1.     The primary outcome was the incidence of hypoxemia during intubation attempts i.e. fall in  oxygen saturation (SpO2) to ≤95%.

 Secondary Objectives:

1.     Elapsed time for pulse-oximetry (SpO2) falling from 100% to 95%.

2.     Incidence of need of restarting face mask ventilation again to prevent hypoxia.

3.     Difficulty during face mask ventilation with nasal cannula in situ.

4.     Head and chest circumference ratio

5.     Other complications

 

 

 


 

MATERIAL AND METHODS

 

Study Setting:

This prospective randomized controlled trial will include patients below 1 years, American Society of Anaesthesiologists (ASA) physical status 1 to 3, who will undergo elective or emergency VP shunt surgery under general anaesthesia.

Study Design: 

Prospective single-blind randomized controlled trial

Study Duration:

–     One year

Sample collection –

–     Total 74 cases (37 in each group)

Inclusion Criteria:

–     Known case of Hydrocephalous

–     Age below 1 year

–     Elective or Emergency surgery under general anaesthesia

Exclusion Criteria:

–     Patient not giving consent

–     Difficult airway other than hydrocephalus

 

Study groups:

Participants will be randomized in to two groups-

1.     Group A- (Apnoeic Oxygenation Group): This group will receive oxygen flow at 5 liter per minute via regular nasal cannula along with face mask ventilation during induction.

2.     Group B- (Conventional induction group): This group will receive only face mask ventilation during induction.

Methodology

 

Study subjects will be randomized to either the Group-A (Apnoeic Oxygenation Group) or Group-B(Conventional induction group) in 1:1 ratio allocation using computer-generated block size of four randomization by an independent statistician. The random allocation sequence will be kept separately in sealed opaque envelopes with sequential numbers.
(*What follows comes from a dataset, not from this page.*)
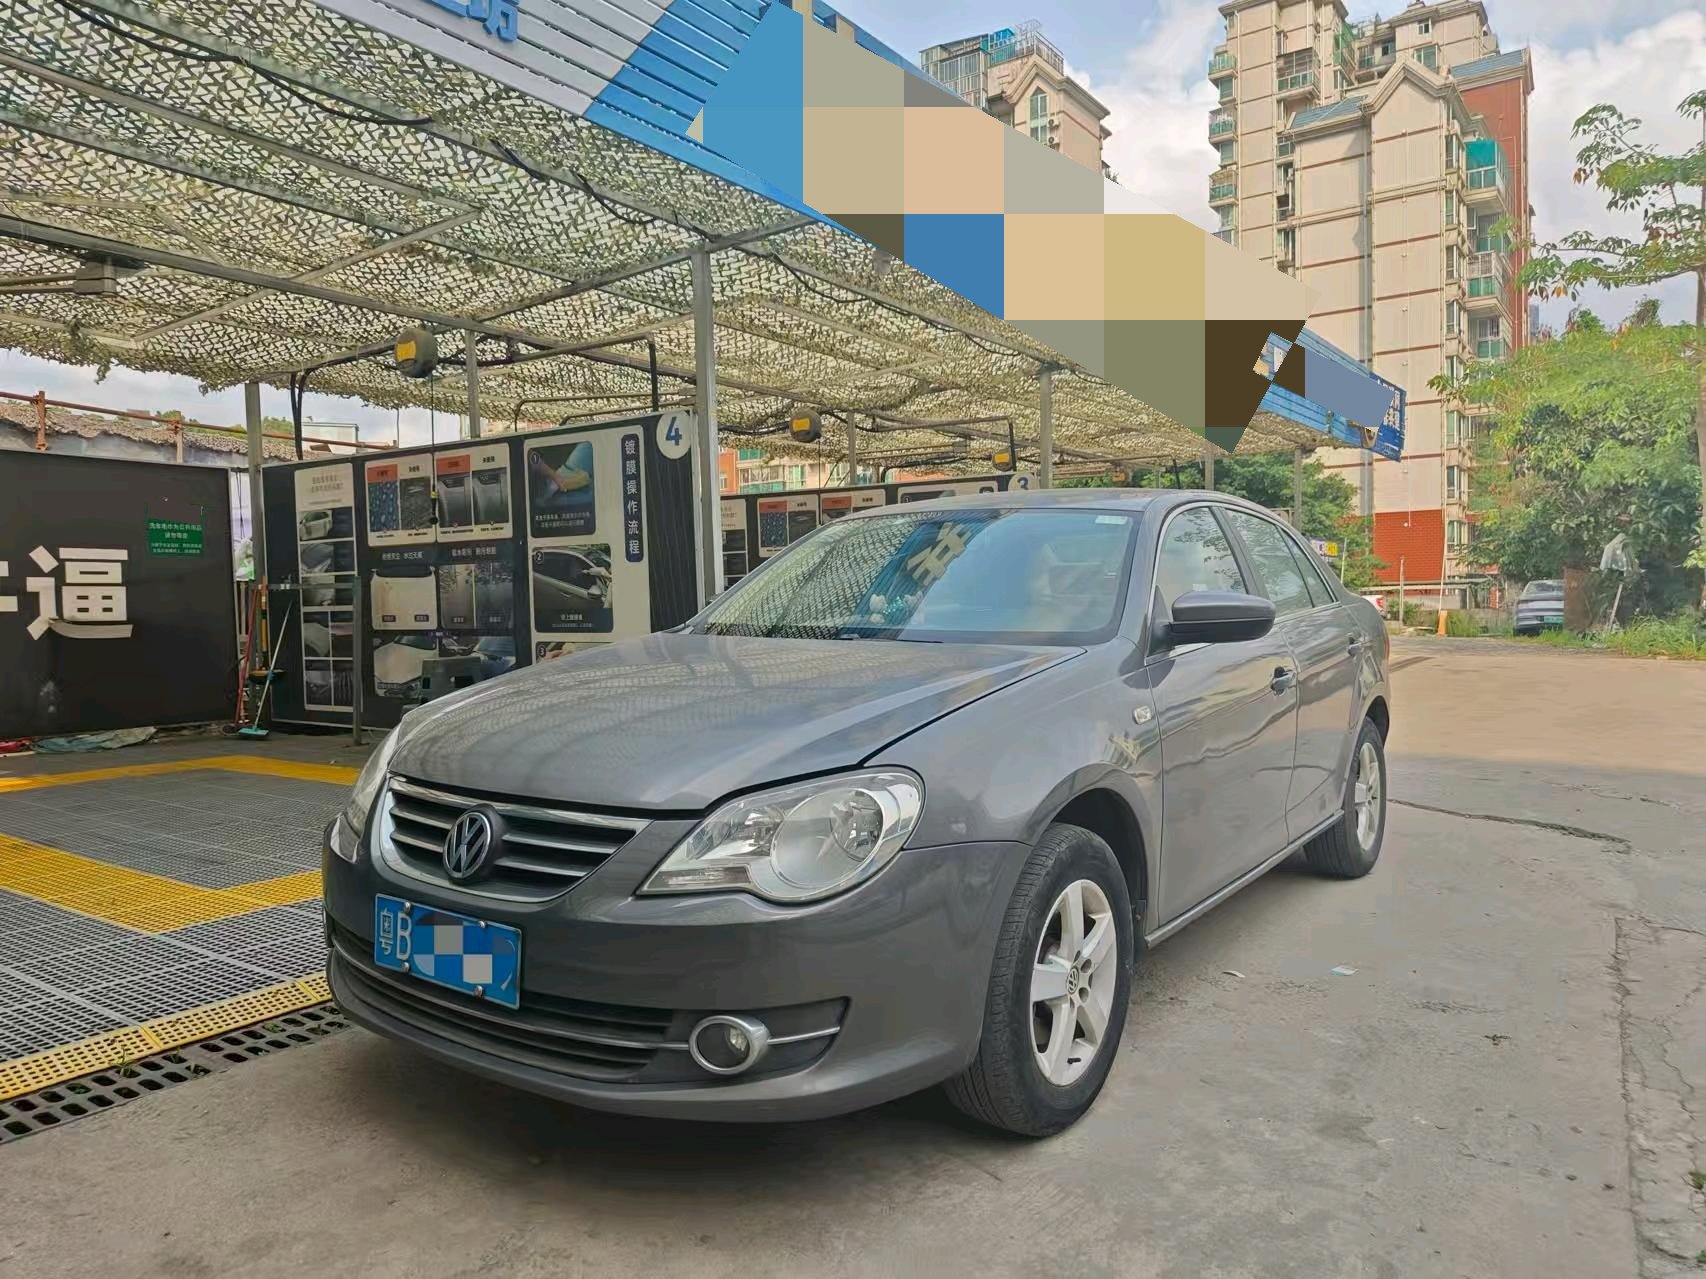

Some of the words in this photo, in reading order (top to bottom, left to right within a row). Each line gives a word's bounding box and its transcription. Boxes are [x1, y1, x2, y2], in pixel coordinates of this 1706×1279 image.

[665, 416, 682, 446] 4
[624, 440, 641, 555] 镀膜操作流程
[0, 545, 134, 640] 逼
Blinding is not possible in this study because a nasal cannula will be used for the intervention which will be visible to all.
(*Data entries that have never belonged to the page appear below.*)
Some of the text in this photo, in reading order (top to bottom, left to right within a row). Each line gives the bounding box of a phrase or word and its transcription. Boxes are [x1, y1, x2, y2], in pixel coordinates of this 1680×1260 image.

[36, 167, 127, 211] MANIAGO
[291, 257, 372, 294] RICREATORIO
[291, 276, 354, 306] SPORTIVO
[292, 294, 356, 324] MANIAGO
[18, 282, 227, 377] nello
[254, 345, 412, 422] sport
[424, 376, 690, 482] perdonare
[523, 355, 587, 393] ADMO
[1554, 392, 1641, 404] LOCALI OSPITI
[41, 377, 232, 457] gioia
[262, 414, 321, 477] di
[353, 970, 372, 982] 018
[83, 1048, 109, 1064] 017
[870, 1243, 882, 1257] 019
Upon arrival in the OR, standard monitoring will be applied prior to induction. All participants will be administered with 100% oxygen 5 liters per minute (LPM) using a tight-fitting facemask connected to the Ayes t-piece. Rapid sequence induction of anesthesia will be conducted with fentanyl 2.0mcg/kg and thiopental 5 mg/kg followed by either succinylcholine 1.5 mg/kg or atrauronium0.7 mg/kg. The choice of rapidonset muscle relaxant will be according to anesthesiologist discretion. After induction ventilation will be done via tight-fitting facemask till muscle relaxation was expected to be fully achieved. In the Apnoeic Oxygenation group, a nasal cannula with no oxygen flow will be applied prior to preoxygenation with facemask. Apnoeic Oxygenation will be initiated at 5 l/ min at the end of ventilation with ayres t-piece after muscle relaxant is achieved. In the classical group, a nasal cannula will be not applied, and intubation will be performed without Apnoeic Oxygenation. We will monitor and record any drop in SpO2 until it reaches the primary endpoint. The primary endpoint is defined as hypoxemia (SpO2 decreased to 95%) or successful intubation. Study participants will be intubated by 3rd year post graduate or or senior anesthesia residents. In case of desaturation, the procedure will be discontinued as soon as the SpO2 reached 95%. Rescue procedure comprised jaw thrust and positive pressure ventilation via facemask. Intubation will be then reperformed after the SpO2 increased to 100%.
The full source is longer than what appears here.